§ **YOUR INSTRUCTIONS**
Retype the data that follows line by line, exactly, and leave its pictures out.

§ **EXERCISE MATERIAL**
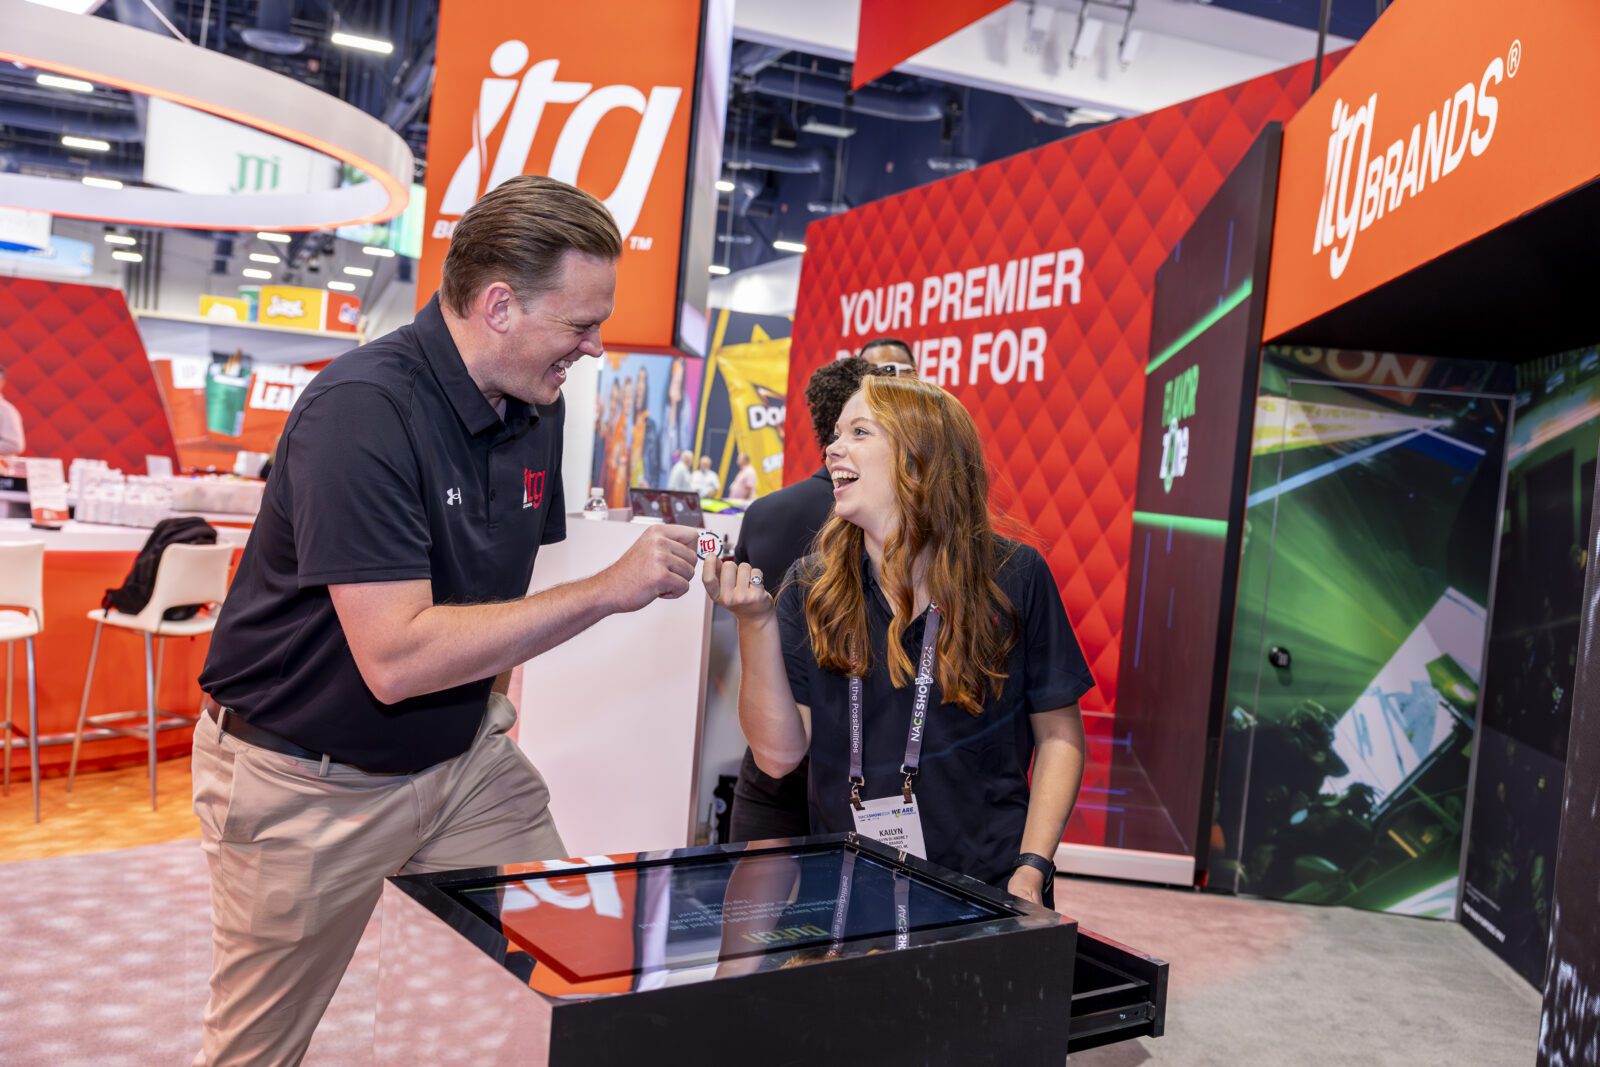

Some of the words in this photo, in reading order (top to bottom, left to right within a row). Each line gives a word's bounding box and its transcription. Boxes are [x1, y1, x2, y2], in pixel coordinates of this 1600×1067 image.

[1359, 57, 1504, 231] BRANDS
[840, 281, 915, 338] YOUR
[919, 247, 1085, 327] PREMIER
[968, 326, 1047, 385] FOR
[852, 686, 860, 700] the
[852, 704, 861, 754] Possibilities
[879, 827, 903, 837] KAILYN

§ **WRITTEN ANSWER**
Some of the words in this photo, in reading order (top to bottom, left to right within a row). Each line gives a word's bounding box and its transcription. Boxes are [x1, y1, x2, y2], in pixel coordinates of this 1600×1067 image.

[1359, 57, 1504, 231] BRANDS
[840, 281, 915, 338] YOUR
[919, 247, 1085, 327] PREMIER
[968, 326, 1047, 385] FOR
[852, 686, 860, 700] the
[852, 704, 861, 754] Possibilities
[879, 827, 903, 837] KAILYN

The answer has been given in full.